A Polícia Federal deflagrou nesta sexta-feira (4) a operação Polaridade para investigar um esquema de fraude em procedimentos de aquisição e registro de armas de Colecionadores, Atiradores Desportivos e Caçadores (CACs). A ação ocorre em cidades do Rio de Janeiro e em Vila Velha (ES).
São cumpridos 46 mandados judiciais: 20 de prisão e 26 de busca e apreensão. Até o momento, dez pessoas foram presas. A PF informou que as diligências continuam para localizar e prender os demais alvos.
No estado do Rio de Janeiro, as ordens atingem Duque de Caxias, Macaé, Magé, Maricá, Niterói, Pinheiral, Rio de Janeiro — nos bairros de Campo Grande, Gardênia Azul e Inhoaíba —, São João de Meriti e Volta Redonda. Pessoas físicas e empresas estão entre os alvos.
A apuração começou depois que a Delegacia da PF em Niterói identificou inconsistências em processos.

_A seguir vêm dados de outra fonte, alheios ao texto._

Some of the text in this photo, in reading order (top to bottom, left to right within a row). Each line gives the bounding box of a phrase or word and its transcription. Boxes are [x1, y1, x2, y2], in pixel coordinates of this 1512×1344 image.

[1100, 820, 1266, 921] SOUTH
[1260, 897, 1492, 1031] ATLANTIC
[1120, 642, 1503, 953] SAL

O grupo é suspeito de manipular procedimentos no Sinarm-CAC, sistema da Polícia Federal usado para registros de armas.
Um colaborador terceirizado ligado à análise de documentos do Núcleo de Armas teria autorizado pedidos sem os documentos obrigatórios e requerimentos acompanhados de papéis falsificados ou incompatíveis com as regras. A investigação encontrou documentos repetidos em solicitações de diferentes pessoas, comprovantes de residência fraudados e falta de itens exigidos para a análise.

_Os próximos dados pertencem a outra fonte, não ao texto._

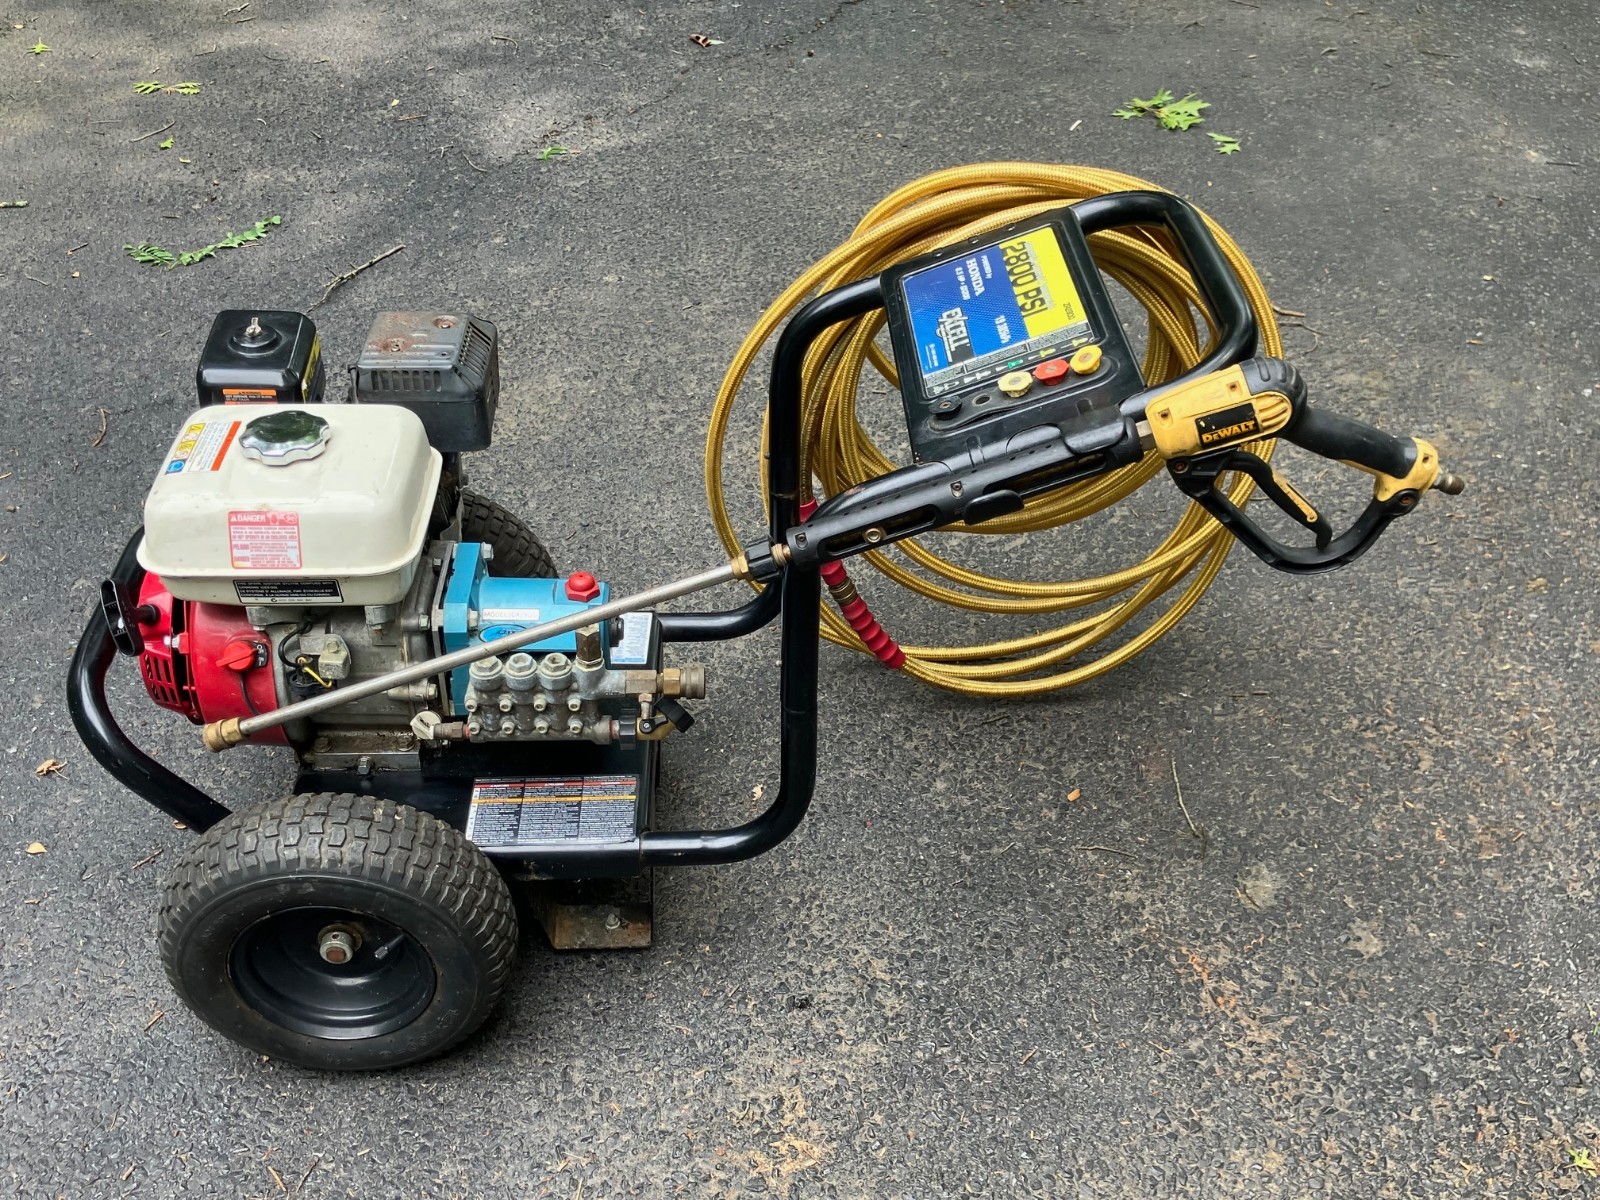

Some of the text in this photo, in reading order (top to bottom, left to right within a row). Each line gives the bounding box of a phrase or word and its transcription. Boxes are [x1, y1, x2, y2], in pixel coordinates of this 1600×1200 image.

[966, 257, 985, 296] HONDA
[1002, 241, 1049, 318] 2800 PSI
[938, 307, 969, 351] EXCELL
[238, 514, 265, 523] DANGER

Também foram identificadas irregularidades em certificados técnicos e em outros requisitos necessários para a aquisição de armamentos, inclusive os de uso restrito. A PF ainda verificou possíveis relações entre alguns pedidos e armas de fogo apreendidas posteriormente em uma ação policial.

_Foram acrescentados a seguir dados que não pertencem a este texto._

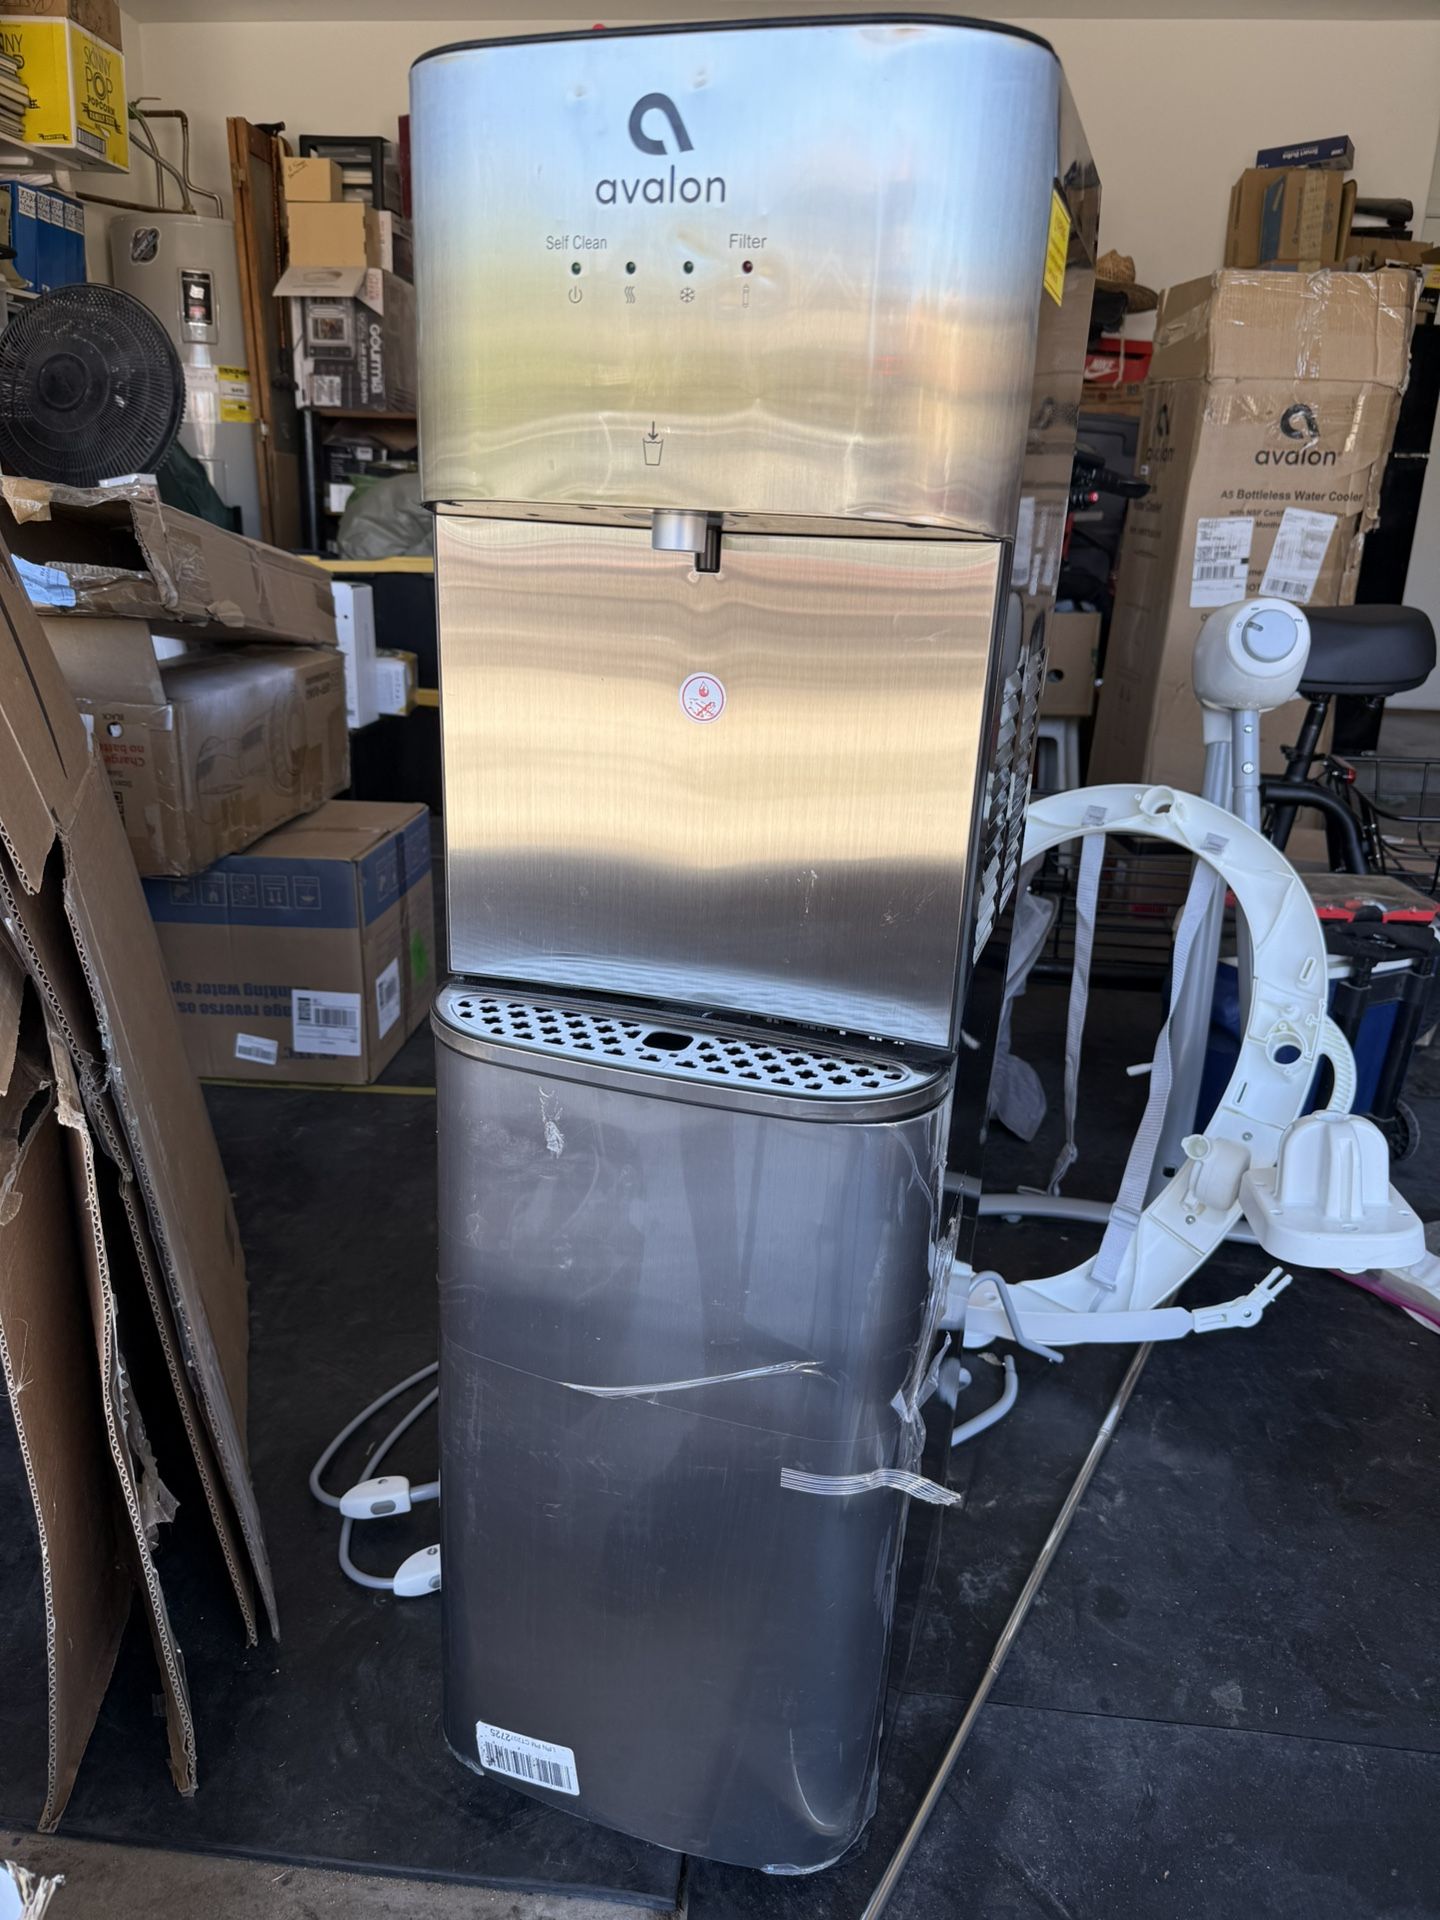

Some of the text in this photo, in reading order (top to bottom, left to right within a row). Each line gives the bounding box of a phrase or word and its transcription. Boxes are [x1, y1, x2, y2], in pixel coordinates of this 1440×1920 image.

[85, 66, 114, 104] POP
[595, 164, 726, 205] avalon
[546, 235, 607, 250] Self Clean
[729, 233, 767, 249] Filter
[1255, 449, 1336, 466] avalon
[1221, 489, 1363, 501] A5 Bottleless Water Cooler
[196, 983, 241, 997] water
[199, 1003, 260, 1017] reverse

A corporação informou que pretende esclarecer a participação de todos os envolvidos, investigar eventuais conexões com organizações criminosas e responsabilizar os autores. Os suspeitos podem responder por organização criminosa, inserção de dados falsos em sistema público, corrupção passiva, falsidade ideológica, uso de documento falso e comércio ilegal de armas de fogo.